Later, the court applied that law to Brady's specific contentions, including his claim that the trial court erred in excluding evidence of the blood-alcohol level of the pilot Groff.
After holding that exclusion of the evidence was not error, the court ended with this: "In any event, Brady's attempt to define Groff's 'intentional misconduct of flying under the influence of alcohol' as a superseding cause of the pilots' deaths is unavailing.
The issue of proximate causation is increasingly being viewed in terms of the scope of the risk created by the wrongdoer's conduct. (See, e.g., 1 Dobbs, The Law of Torts (2001) 186-187, pp. 460-464; .) 'Courts usually reduce the tests of proximate cause, both in direct and in intervening cause cases, to a question of foreseeability. To some extent, the language of foreseeability is a short hand expression intended to say that the scope of the defendant's liability is determined by the scope of the risk he negligently created.' (1 Dobbs, supra, 187, p. 463.)

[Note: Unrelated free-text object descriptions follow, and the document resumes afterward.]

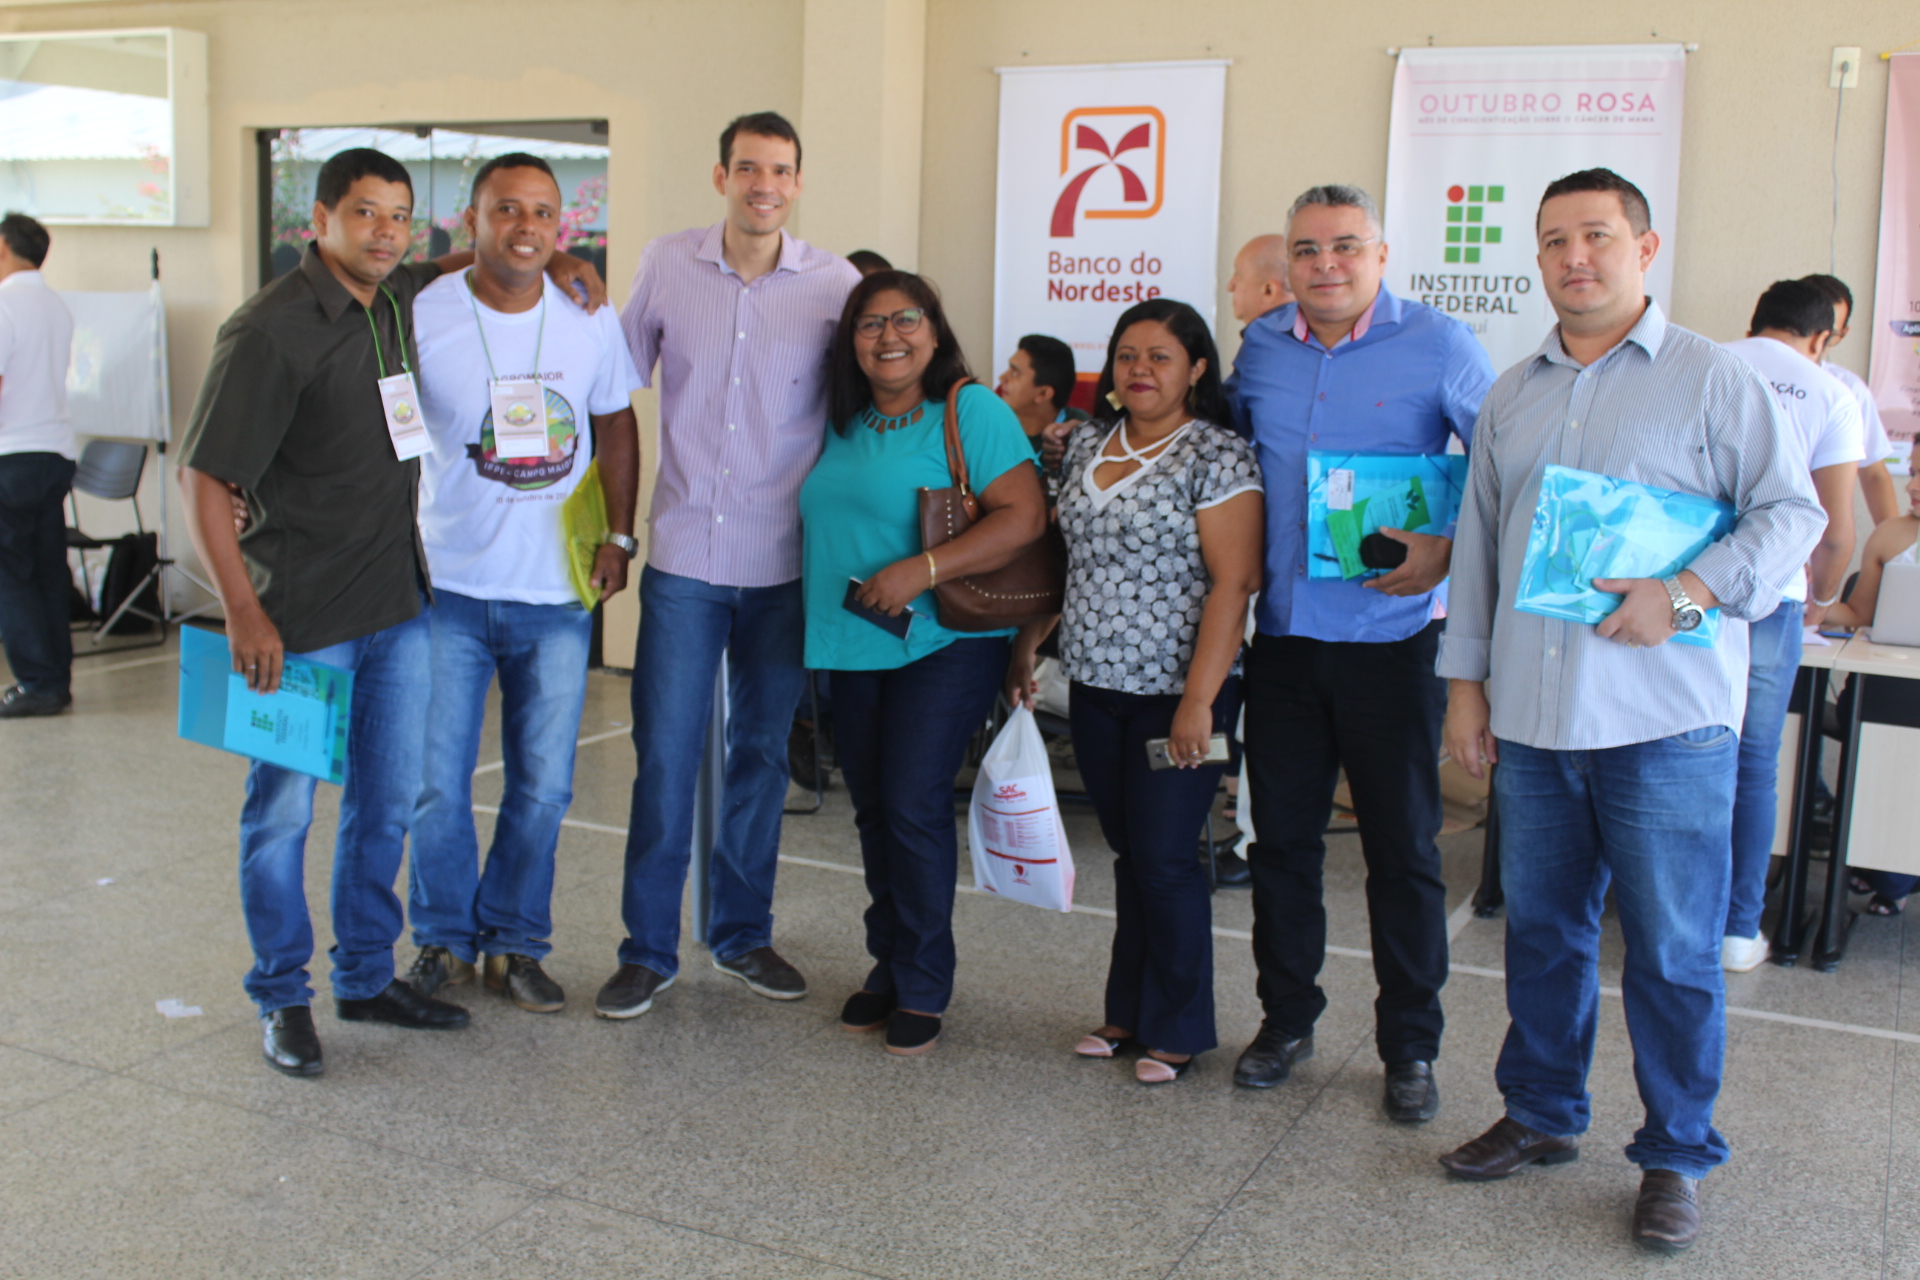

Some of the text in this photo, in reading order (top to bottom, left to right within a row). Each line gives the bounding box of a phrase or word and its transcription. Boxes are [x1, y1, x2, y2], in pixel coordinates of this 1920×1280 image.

[1420, 92, 1655, 114] OUTUBRO ROSA
[1049, 251, 1162, 275] Banco do
[1048, 279, 1160, 301] Nordeste
[1410, 274, 1531, 294] INSTITUTO
[514, 466, 546, 478] CAMPO

'... Consequently, the issue in intervening cause cases, like the issue in others, is whether the general type of harm inflicted was foreseeable and thus within the risk of harm created by the defendant's negligent conduct.' (Id. (2004 supp.) 197A, pp. 92-93.) ... This assessment is in full accord with the principles long articulated by California courts.

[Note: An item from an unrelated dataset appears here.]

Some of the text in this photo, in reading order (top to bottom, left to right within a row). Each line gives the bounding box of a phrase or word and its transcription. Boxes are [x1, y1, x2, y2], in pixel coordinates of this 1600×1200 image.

'"It is enough that the defendant should have foreseen the possibility of some harm of the kind which might result from his act."' (Schmies, supra, 44 Cal.App.4th at p. 50; see also People v. Crew (2003) 31 Cal.4th 822, 847 3 Cal. Rptr. 3d 733, 74 P.3d 820 a 'defendant remains criminally liable if either the possible consequence might reasonably have been contemplated or the defendant should have foreseen the possibility of harm of the kind that could result from his act'.)" (Brady, supra, 129 Cal.App.4th at pp. 1333-1334.)